*WORK ORDER:*
Everything in the records must be reproduced exactly, except for the pictures.

*ENTRIES PROVIDED:*
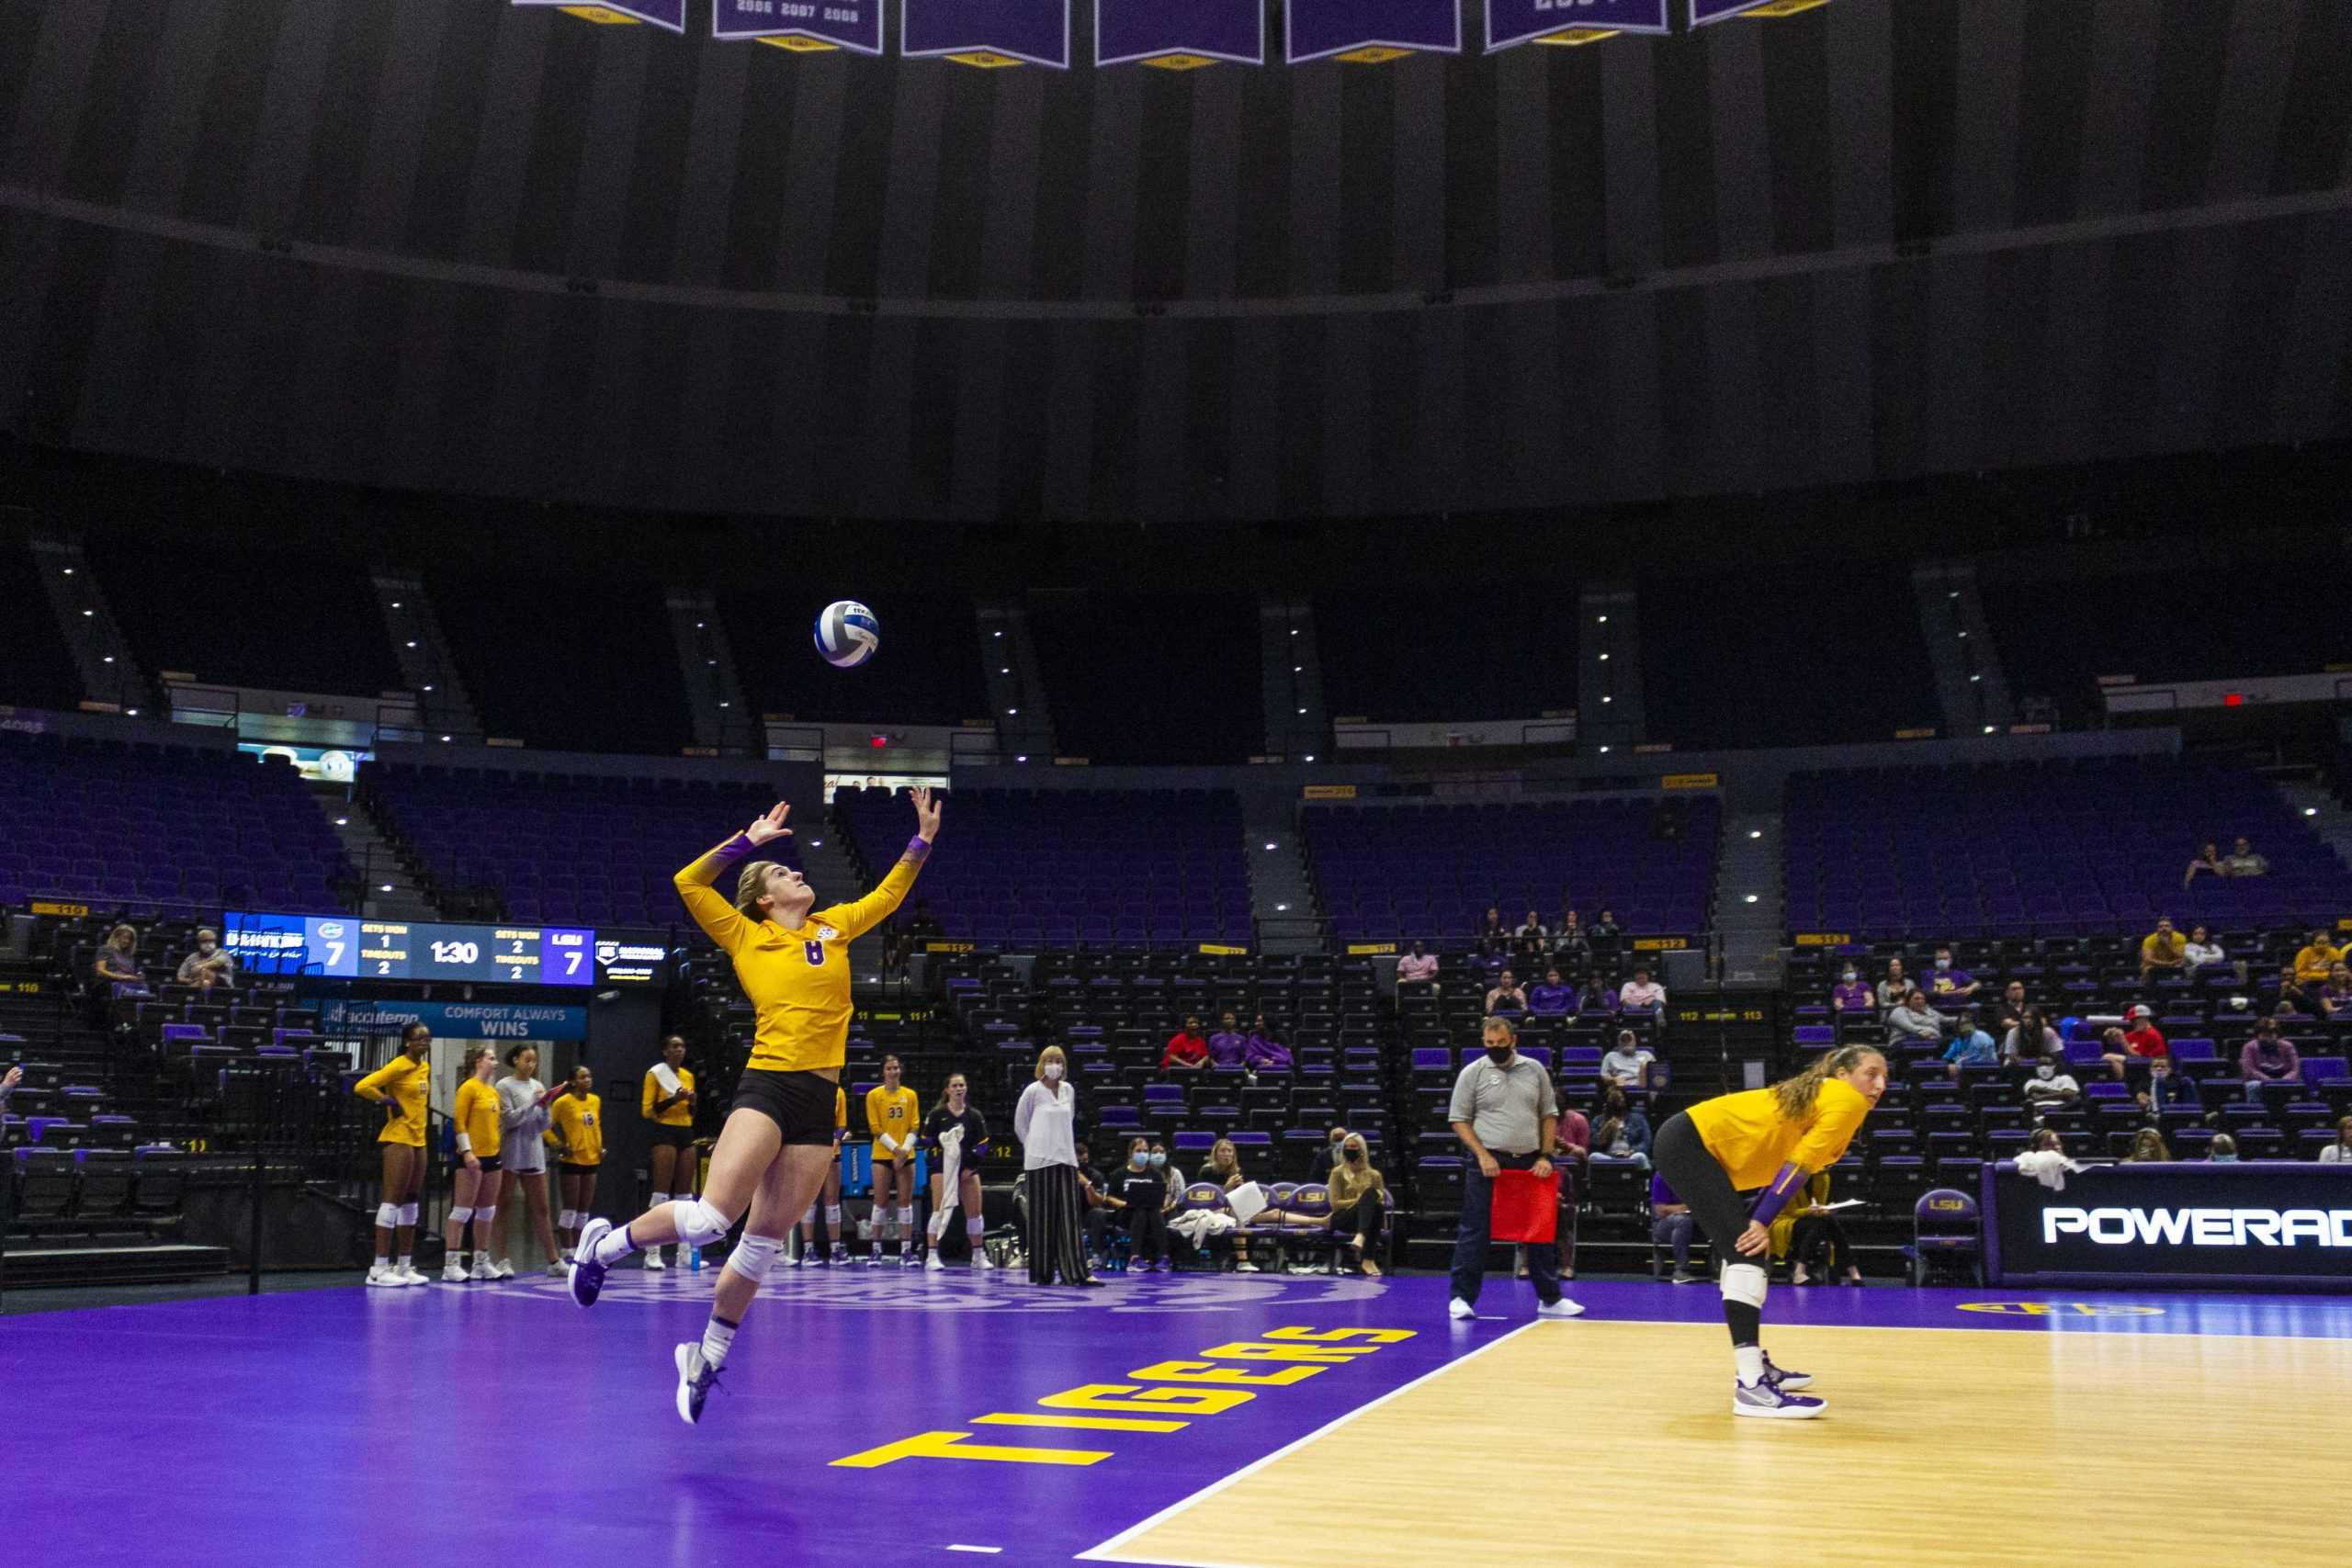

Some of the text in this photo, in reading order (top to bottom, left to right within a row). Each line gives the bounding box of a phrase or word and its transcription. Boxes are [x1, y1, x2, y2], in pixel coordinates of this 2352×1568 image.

[781, 3, 816, 17] 2007
[380, 934, 390, 948] 1
[551, 934, 582, 945] LSU
[325, 942, 345, 966] 7
[430, 941, 479, 964] 1:30
[512, 941, 524, 953] 2
[804, 940, 825, 967] 8
[378, 961, 390, 974] 2
[564, 952, 582, 975] 7
[511, 965, 523, 979] 2
[445, 1006, 566, 1021] COMFORT ALWAYS
[481, 1021, 529, 1036] WINS
[888, 1105, 905, 1119] 33
[1187, 1190, 1215, 1201] LSU
[1297, 1191, 1325, 1202] LSU
[1928, 1199, 1963, 1211] LSU
[828, 1325, 1417, 1467] TIGERS

*EXPECTED ANSWER:*
Some of the text in this photo, in reading order (top to bottom, left to right within a row). Each line gives the bounding box of a phrase or word and its transcription. Boxes are [x1, y1, x2, y2], in pixel coordinates of this 2352×1568 image.

[781, 3, 816, 17] 2007
[380, 934, 390, 948] 1
[551, 934, 582, 945] LSU
[325, 942, 345, 966] 7
[430, 941, 479, 964] 1:30
[512, 941, 524, 953] 2
[804, 940, 825, 967] 8
[378, 961, 390, 974] 2
[564, 952, 582, 975] 7
[511, 965, 523, 979] 2
[445, 1006, 566, 1021] COMFORT ALWAYS
[481, 1021, 529, 1036] WINS
[888, 1105, 905, 1119] 33
[1187, 1190, 1215, 1201] LSU
[1297, 1191, 1325, 1202] LSU
[1928, 1199, 1963, 1211] LSU
[828, 1325, 1417, 1467] TIGERS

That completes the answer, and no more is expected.